(Data in this exercise):
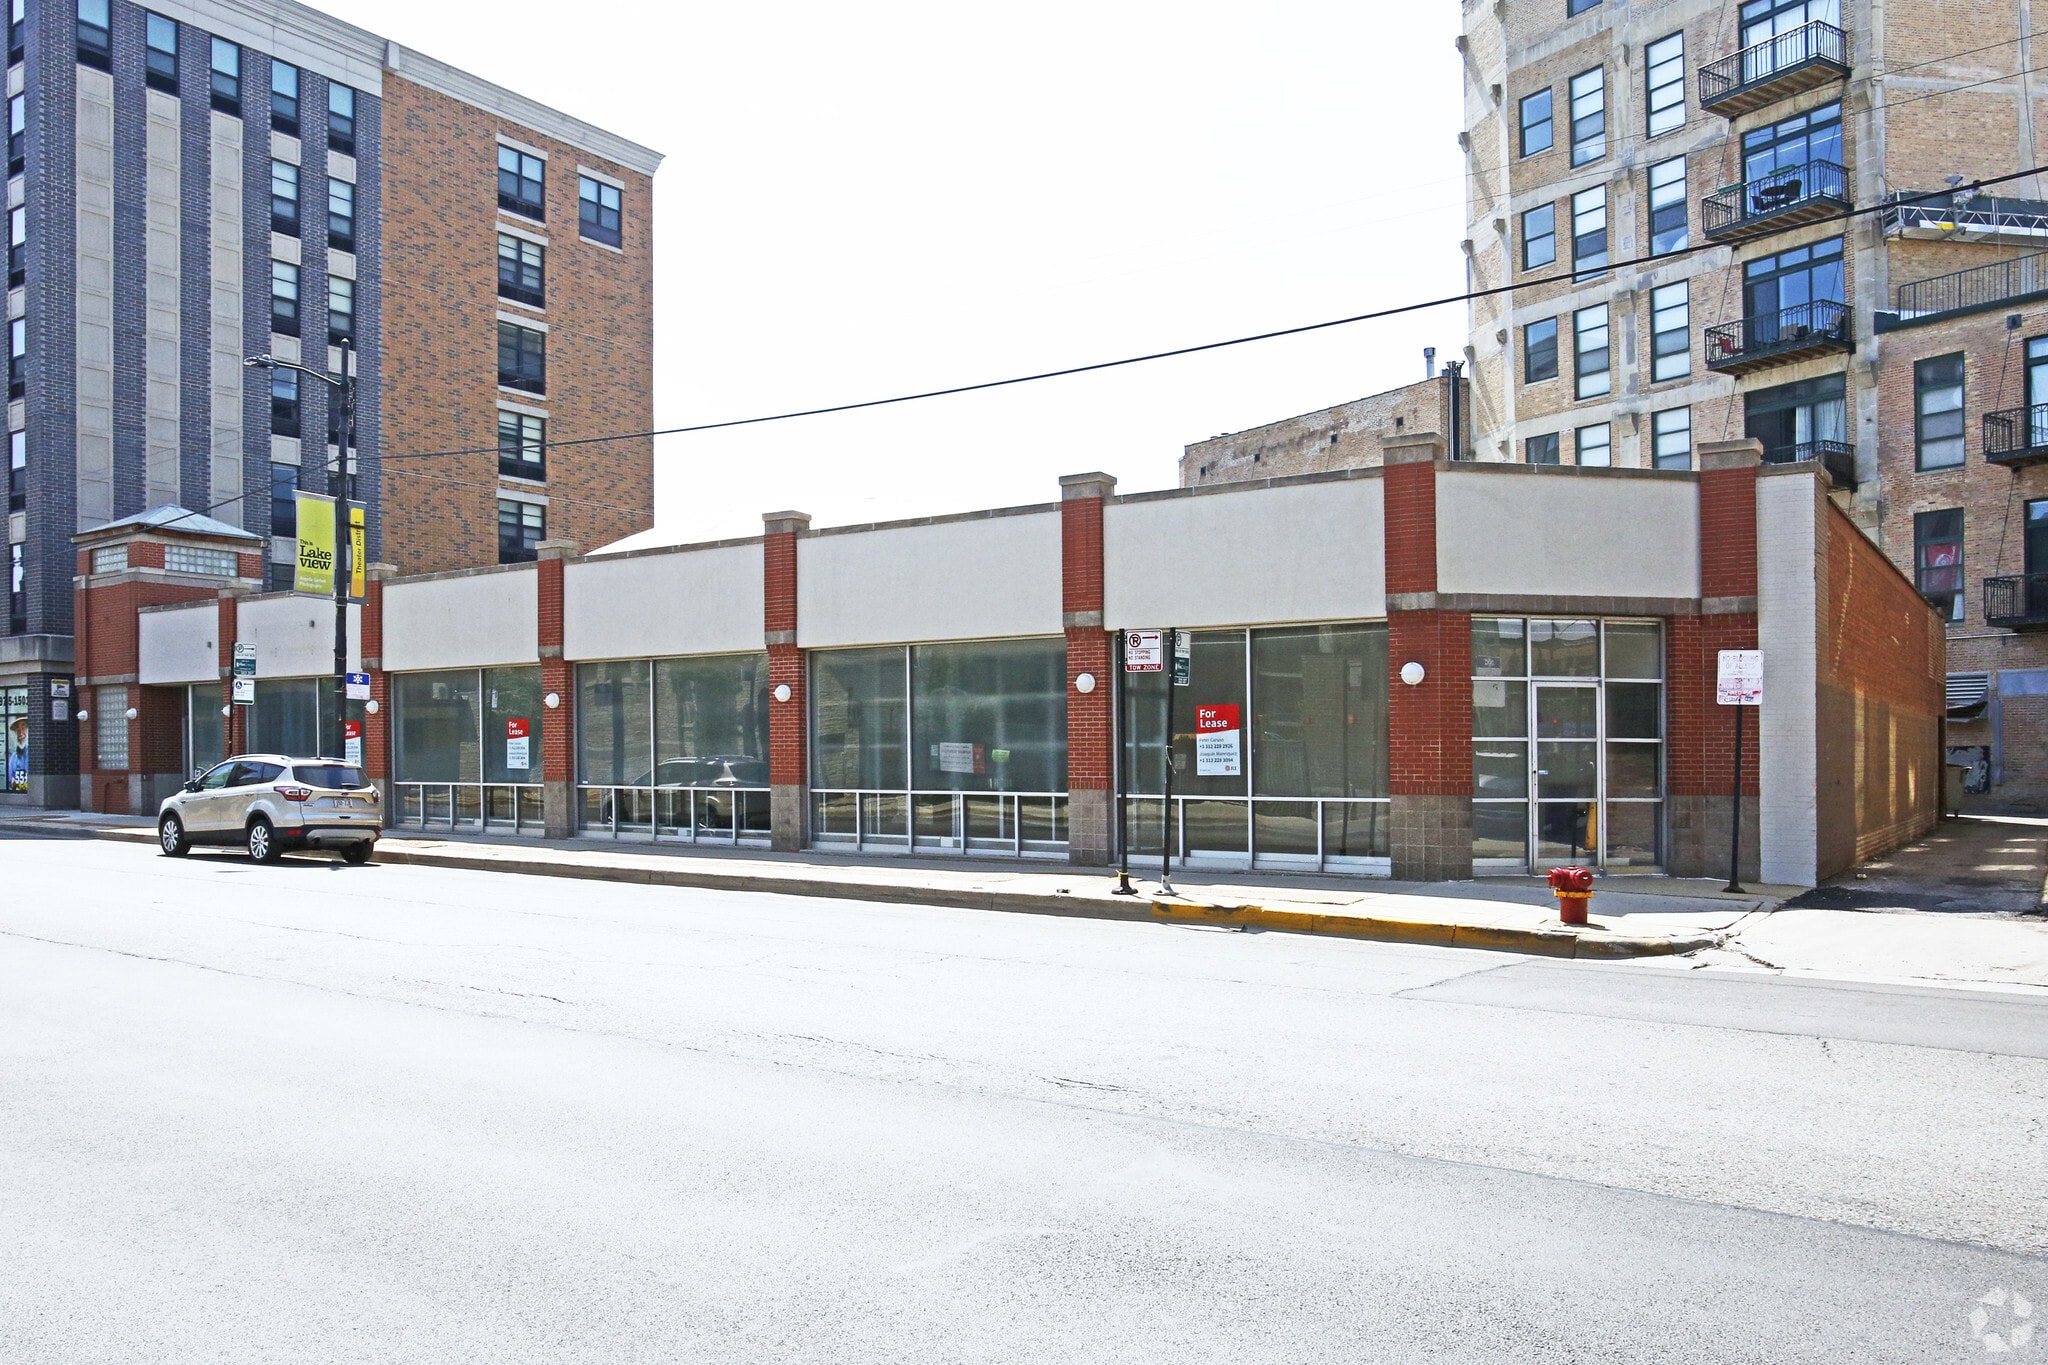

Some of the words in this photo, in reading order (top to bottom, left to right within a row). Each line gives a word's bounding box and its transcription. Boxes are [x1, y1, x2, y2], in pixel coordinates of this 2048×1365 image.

[300, 545, 332, 560] Lake
[299, 558, 331, 570] view
[1200, 709, 1216, 718] For
[1200, 719, 1228, 728] Lease

(Task objective): Each record must be repeated exactly, and no picture may be carried over.

(Expected answer):
Some of the words in this photo, in reading order (top to bottom, left to right within a row). Each line gives a word's bounding box and its transcription. Boxes are [x1, y1, x2, y2], in pixel coordinates of this 2048×1365 image.

[300, 545, 332, 560] Lake
[299, 558, 331, 570] view
[1200, 709, 1216, 718] For
[1200, 719, 1228, 728] Lease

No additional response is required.